In 2013, Allen took over as the starting quarterback. He passed for 1,552 yards, completing 49.6 percent of his throws, and threw for 13 touchdowns and 10 interceptions for a team that finished 3–9 under first year head coach Bret Bielema.

As a junior in 2014, Allen had 2,285 passing yards, 20 touchdowns and five interceptions. He was the offensive MVP of the 2014 Texas Bowl, a 31–7 victory against the Texas Longhorns. Allen threw two touchdowns in the game, and Arkansas finished with a 7–6 record.

During his senior year in 2015, Allen threw a then-school record six touchdown passes, and ran in the game winning 2 point conversion in a 53–52 overtime win over Ole Miss. He broke the record two weeks later with seven touchdowns in a 51–50 loss to Mississippi State. He also broke Arkansas' record for career passing touchdowns against Mississippi State. He finished the year with 3,440 passing yards, 30 touchdowns, and eight interceptions for a team that finished 8–5, and beat Kansas State in the 2016 Liberty Bowl, 45–23.

Allen finished his career with 7,463 passing yards, 64 passing touchdowns, and 26 interceptions.

Statistics

Professional career

Jacksonville Jaguars
Allen was drafted by the Jacksonville Jaguars in the sixth round with the 201st overall pick in the 2016 NFL Draft. On May 5, 2016, Allen signed a 4-year $2.48 million contract, which included a $147,687 signing bonus. Allen was the Jaguars third-string quarterback his rookie season behind Blake Bortles and Chad Henne. He was waived by the Jaguars on September 3, 2017, following final roster cuts for the 2017 season.

Los Angeles Rams
On September 4, 2017, Allen was claimed off waivers by the Los Angeles Rams. He was inactive for every game of the season as the Rams' third-string quarterback behind Jared Goff and Sean Mannion. He was placed on injured reserve on December 20, 2017.

On September 18, 2018, Allen was waived by the Rams and was re-signed to the practice squad the next day.

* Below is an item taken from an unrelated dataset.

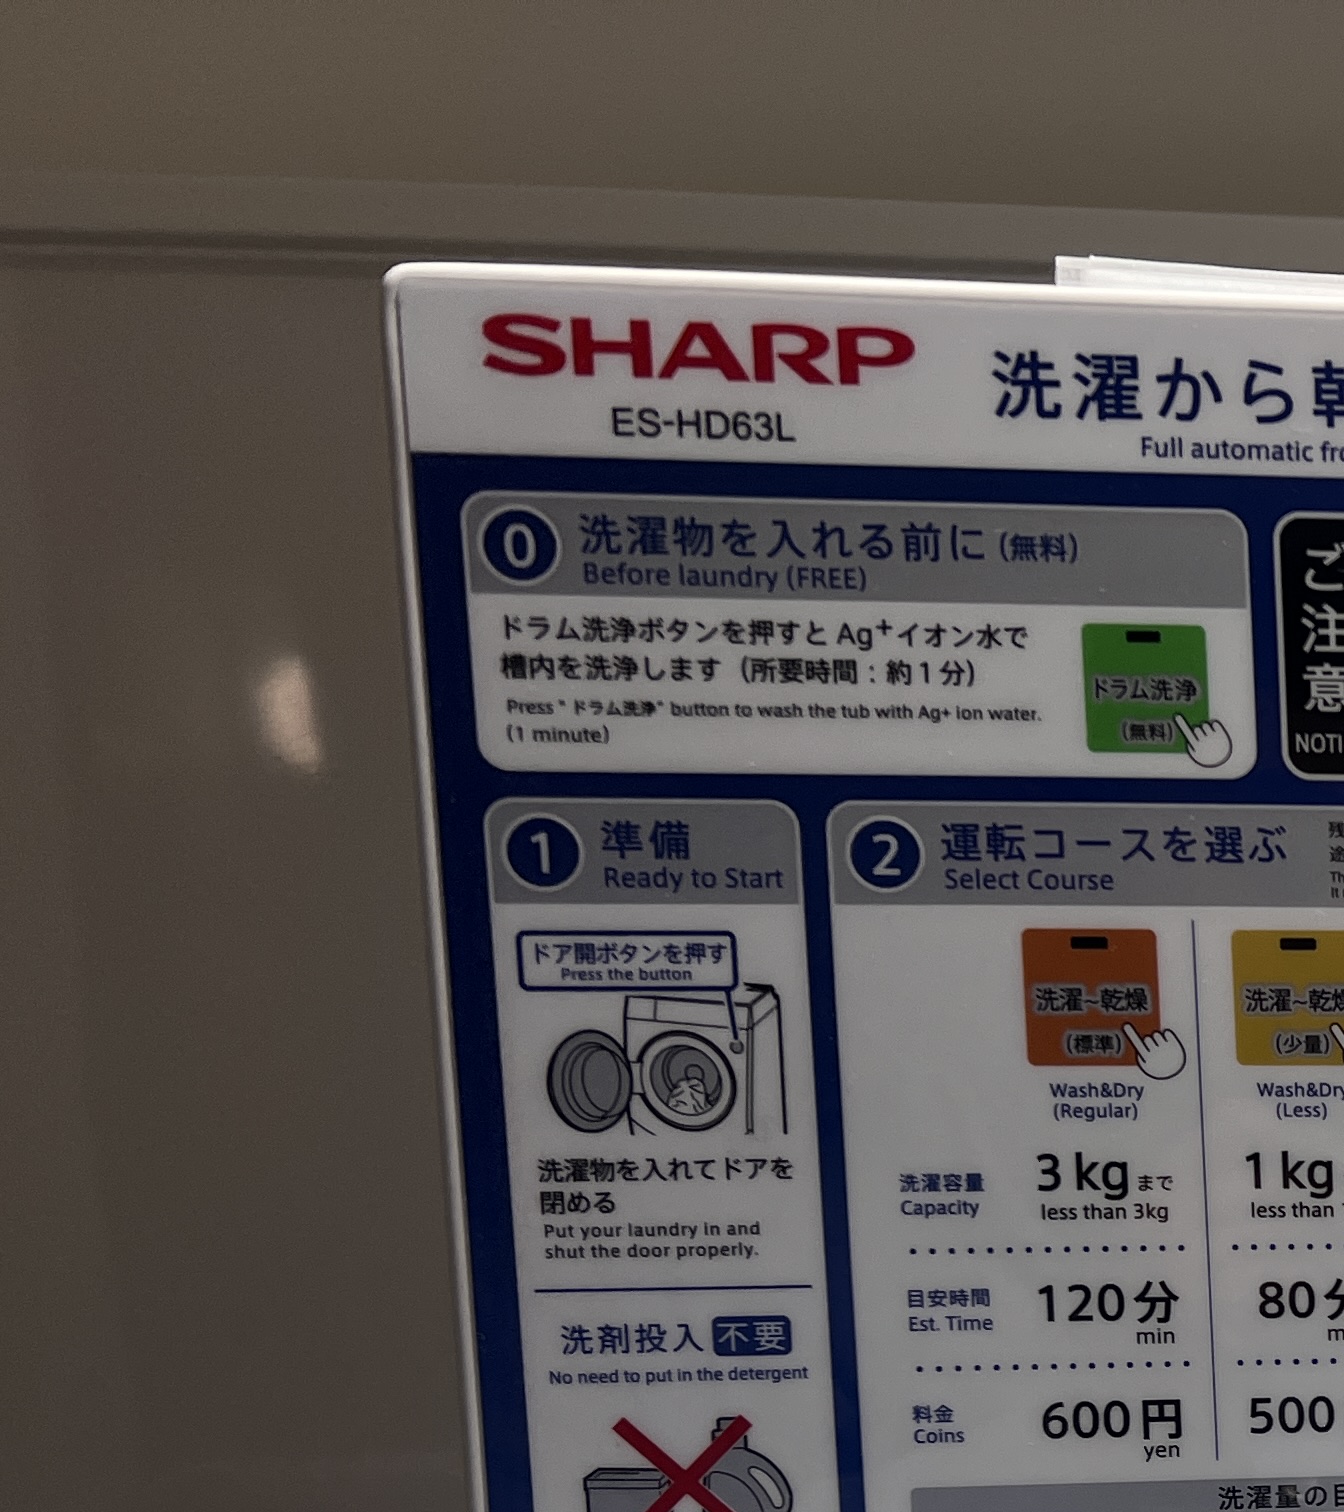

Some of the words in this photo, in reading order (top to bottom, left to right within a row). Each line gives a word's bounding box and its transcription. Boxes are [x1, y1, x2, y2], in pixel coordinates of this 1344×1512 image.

Allen signed a reserve/future contract with the Rams on February 7, 2019. On August 30, 2019, Allen was released as part of final roster cuts.

Denver Broncos 

On September 1, 2019, Allen was claimed off waivers by the Denver Broncos. After an injury to starting quarterback Joe Flacco in week 8 of the 2019 season, Allen stepped in as the starting quarterback. Allen made his first start in Week 9 against the Cleveland Browns. In the game, Allen threw for 193 yards and two touchdowns in the 24–19 win.

Cincinnati Bengals
On August 1, 2020, Allen was signed by the Cincinnati Bengals. He was released on September 5, 2020, and signed to the practice squad the next day. He was promoted to the active roster on November 23, 2020, after starting quarterback Joe Burrow suffered a season-ending injury. On November 25, 2020, the team announced that Allen would start for the Bengals during their Week 12 game against the New York Giants in place of the injured Joe Burrow. In Week 16, against the Houston Texans, he had 371 passing yards and two touchdowns in the 37–31 victory. Allen started the final game for the season against the Baltimore Ravens, where he completed six of 21 passes for 48 yards, two interceptions, and a passer rating of 0.0 as the Bengals lost 3–38.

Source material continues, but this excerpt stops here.